Friday, May 1, 2015

The right end-of-life paperwork

...The advance directive should be seen as a conversation starter, an idea generator, a philosophical tool. It is a guide for your loved ones to work with your doctors and make decisions that are based on your goals and values as the situation unfolds. Its purpose is to chart the broad strokes, to delineate the guiding principles. But it simply cannot be a detailed list of dos and don’ts.

The form asks that you choose between two general approaches to treatment — to prolong life or not to prolong life. There will be no confusion if you choose the first option — physicians’ default setting is to pursue every reasonable treatment, often until death.
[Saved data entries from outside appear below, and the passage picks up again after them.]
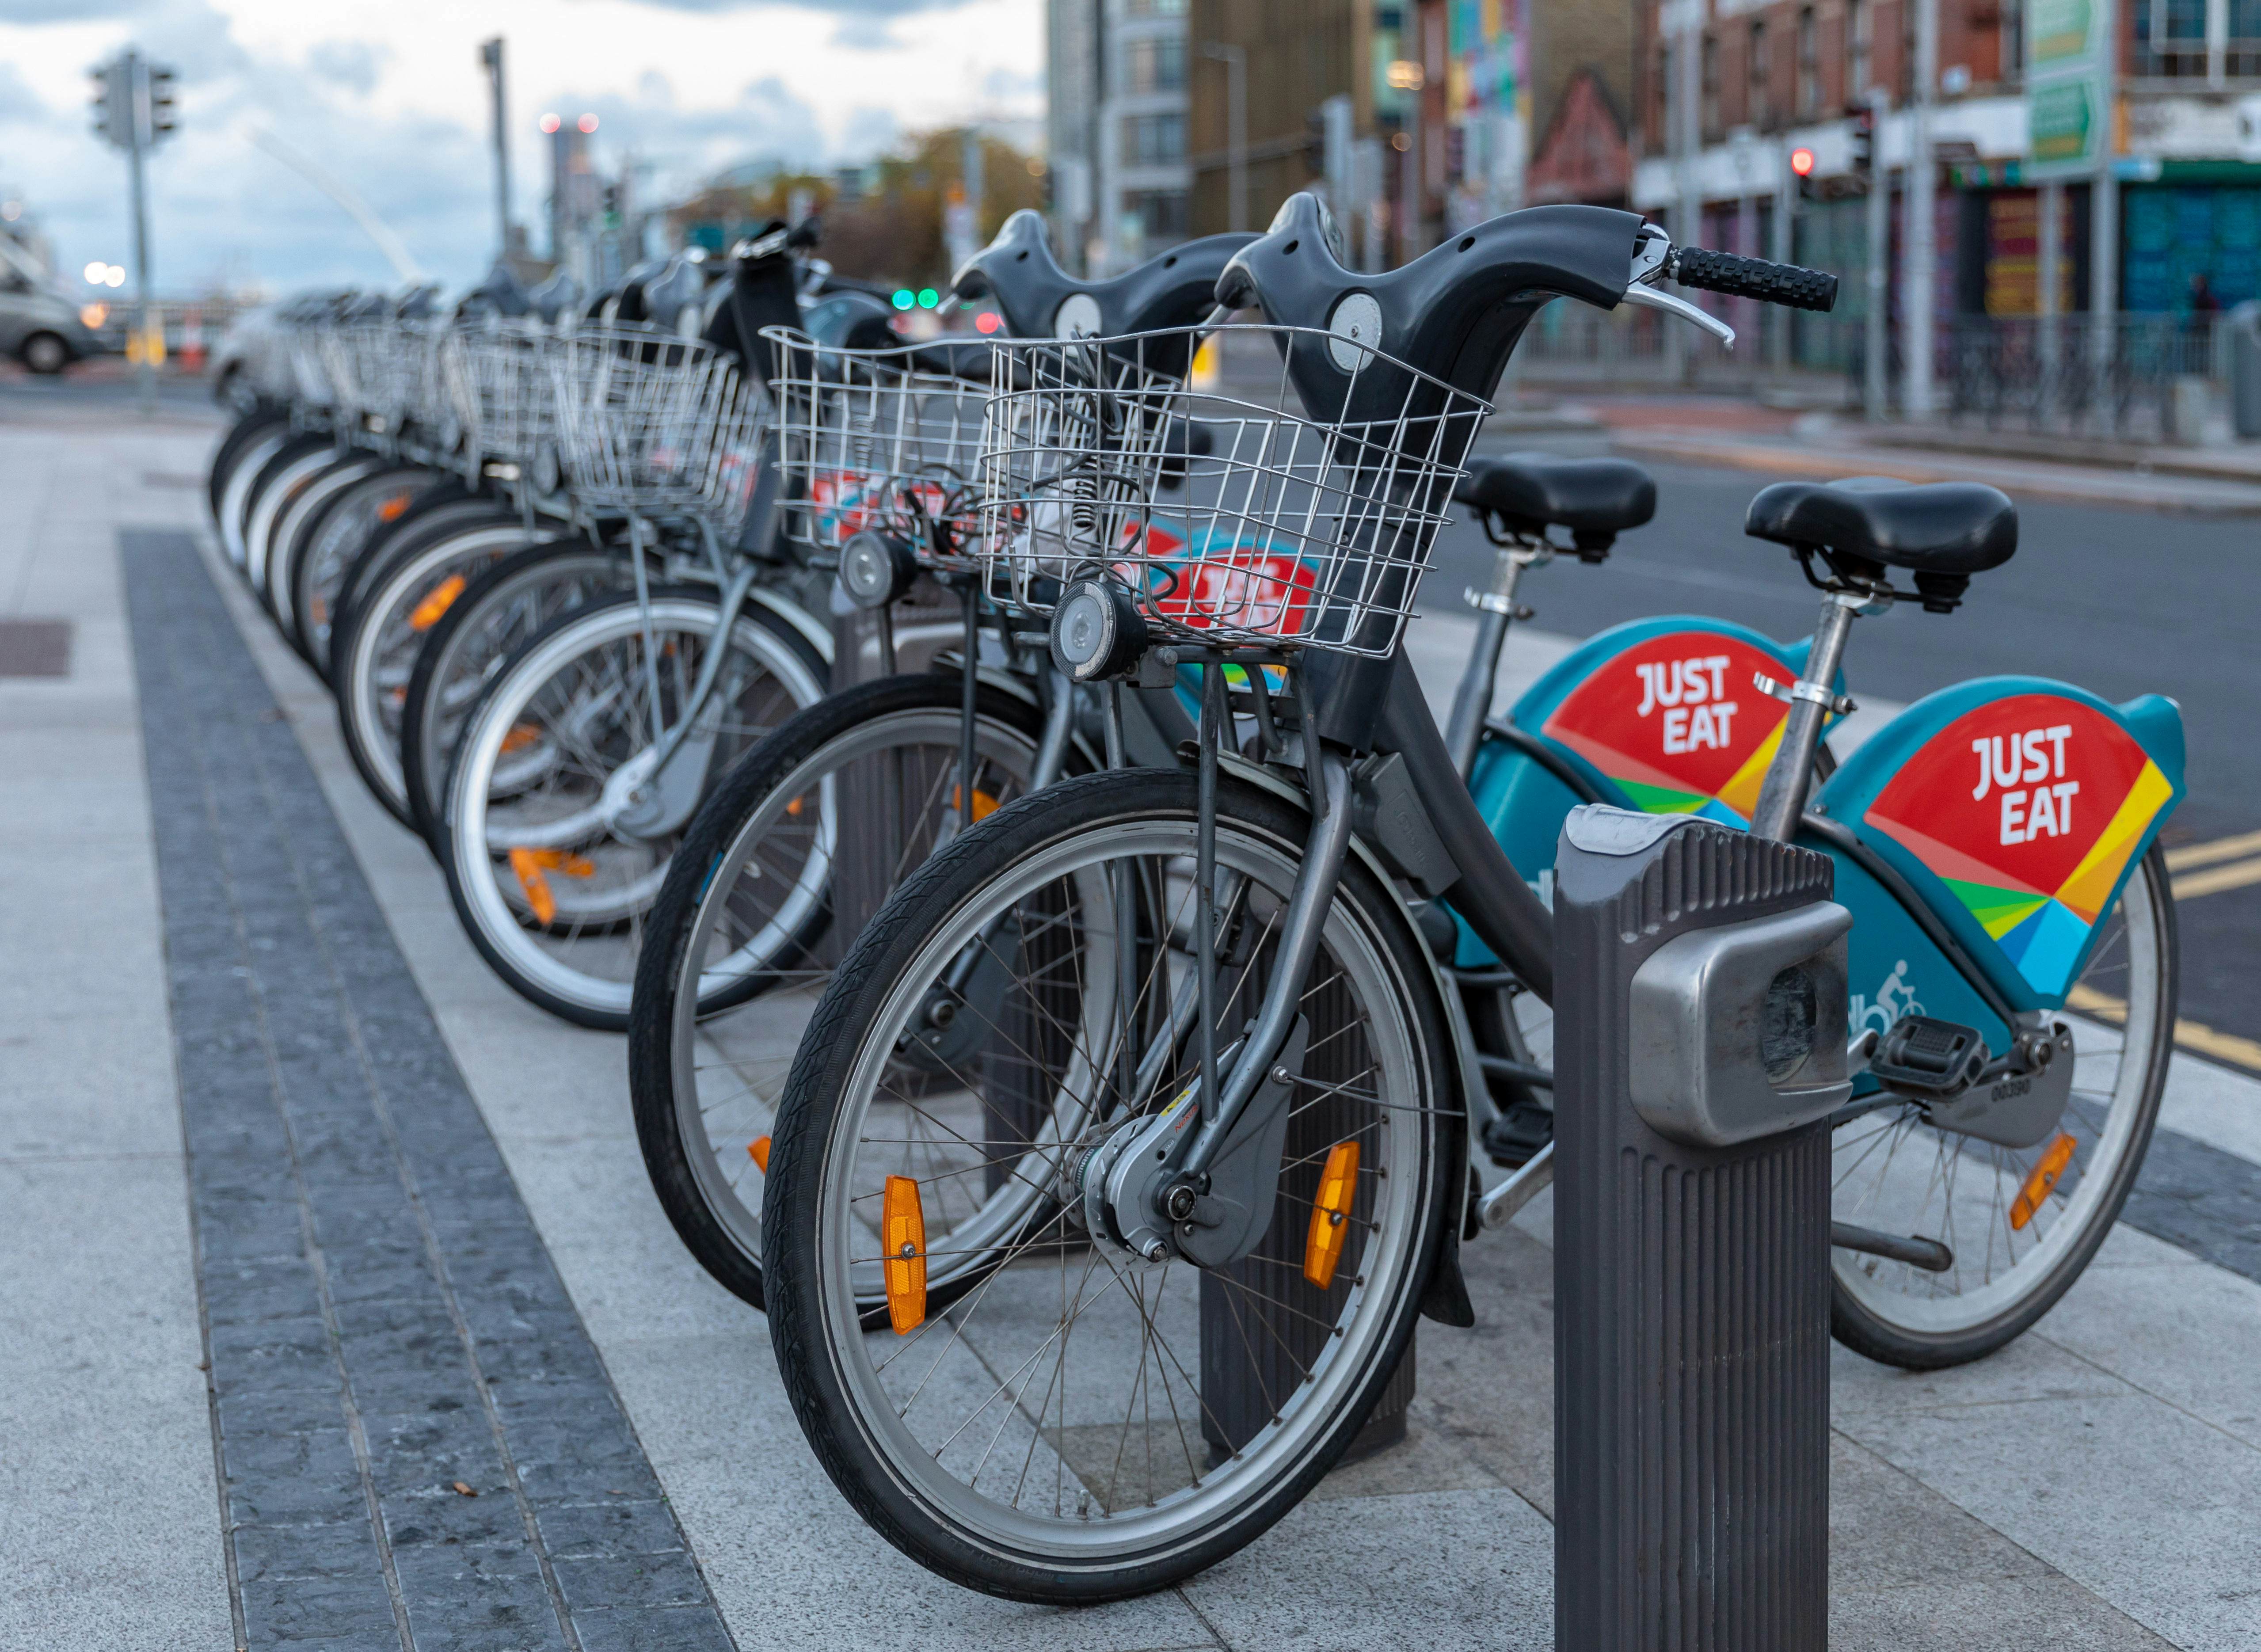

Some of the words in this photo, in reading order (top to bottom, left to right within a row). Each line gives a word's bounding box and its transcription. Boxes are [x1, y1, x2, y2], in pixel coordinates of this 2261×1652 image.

[1637, 656, 1730, 717] JUST
[1663, 702, 1738, 754] EAT
[1972, 725, 2072, 801] JUST
[2000, 781, 2079, 846] EAT
[908, 889, 959, 948] SCHWALBE
The problem is for those who would choose the latter.

Although the choice not to prolong life includes clarifying sentences — if the likely risks and burdens of treatment would outweigh the expected benefits, or if I become unconscious and, to a realistic degree of medical certainty, will not regain consciousness, or if I have an incurable and irreversible condition that will result in my death in a relatively short time — those conditions remain very subjective and can leave decision makers and doctors stumped. What does a relatively short time mean? Four days on a ventilator for someone with terminal cancer in excruciating pain might be a fate worse than death. But for someone else it might be a bridge to another six months of good life.
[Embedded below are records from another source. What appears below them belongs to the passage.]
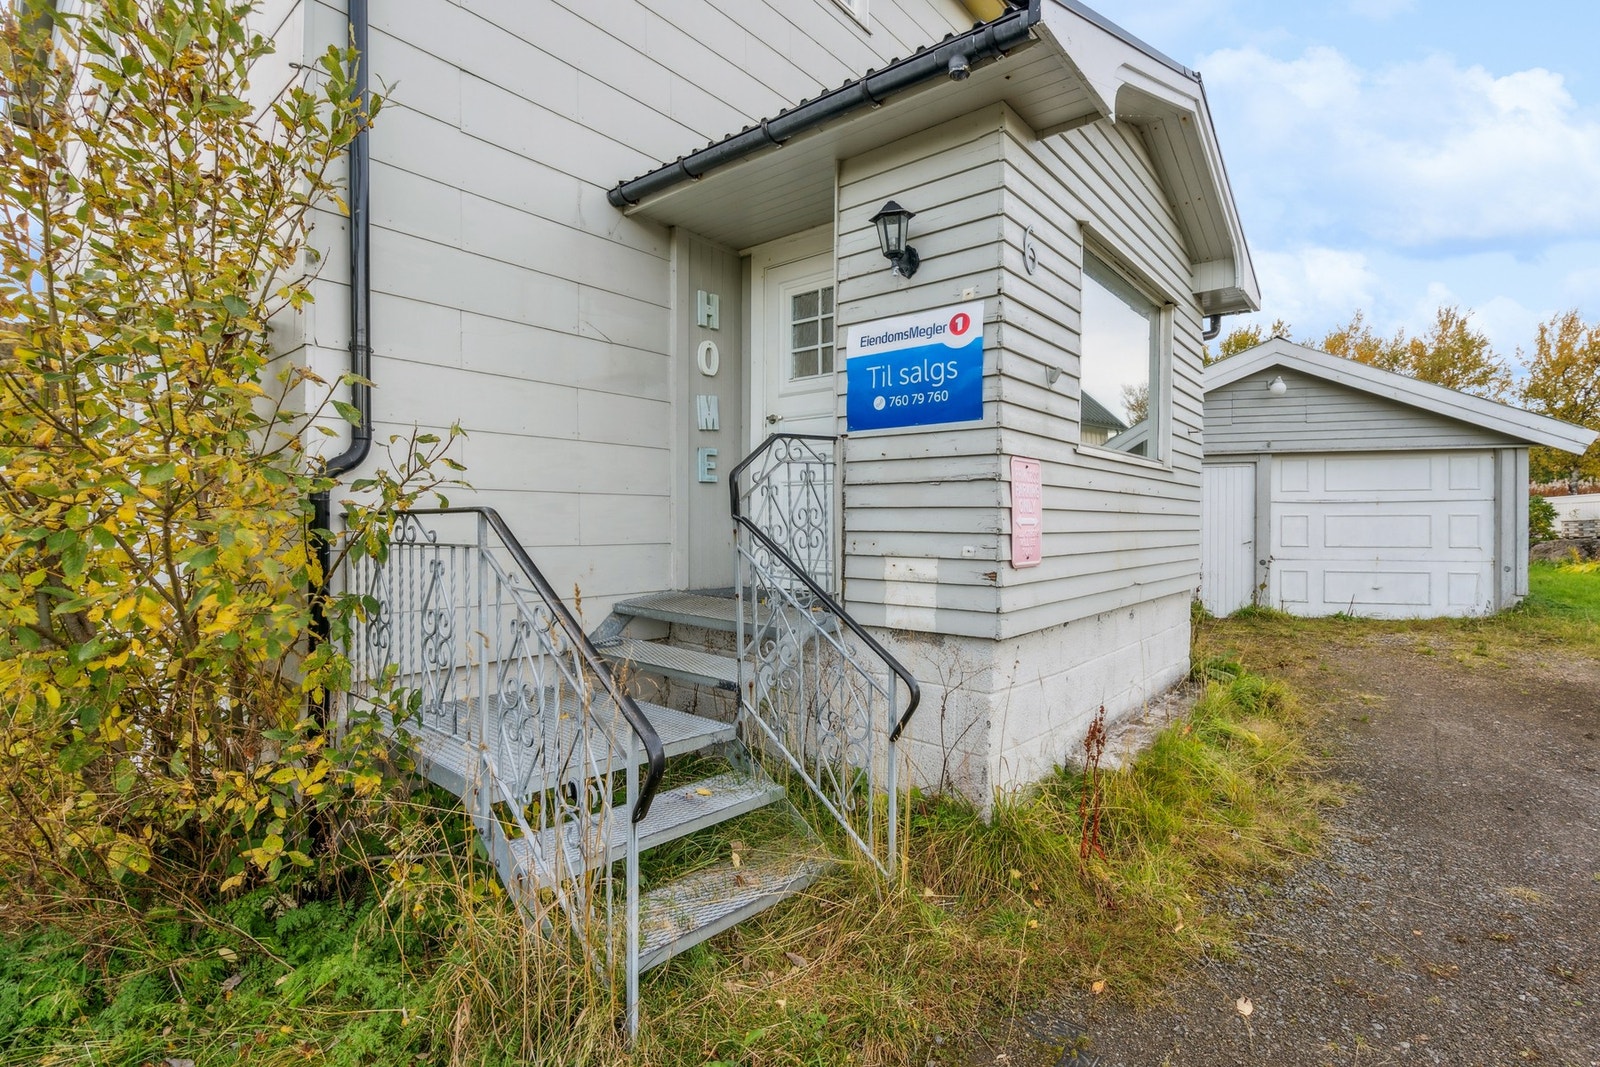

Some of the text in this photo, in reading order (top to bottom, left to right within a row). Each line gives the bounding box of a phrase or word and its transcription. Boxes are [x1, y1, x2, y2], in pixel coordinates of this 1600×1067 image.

[1023, 224, 1038, 276] 6
[860, 322, 947, 348] EiendomsMegler
[697, 290, 720, 483] HOME
[866, 358, 958, 389] Til salgs
[889, 390, 949, 407] 760 79 760
Emergency workers like E.M.T.s and paramedics are legally required to prolong the lives of dying patients unless they have a specific order from a doctor, which an advance directive is not. When called to the side of a dying patient, they do not have the time, the training, or the medical knowledge to try to parse the details of a patient’s case. It is understandable that health care personnel on the front lines — E.M.T.s, paramedics and even physicians like myself — err on the side of prolonging life in patients whom we don’t know... (continues)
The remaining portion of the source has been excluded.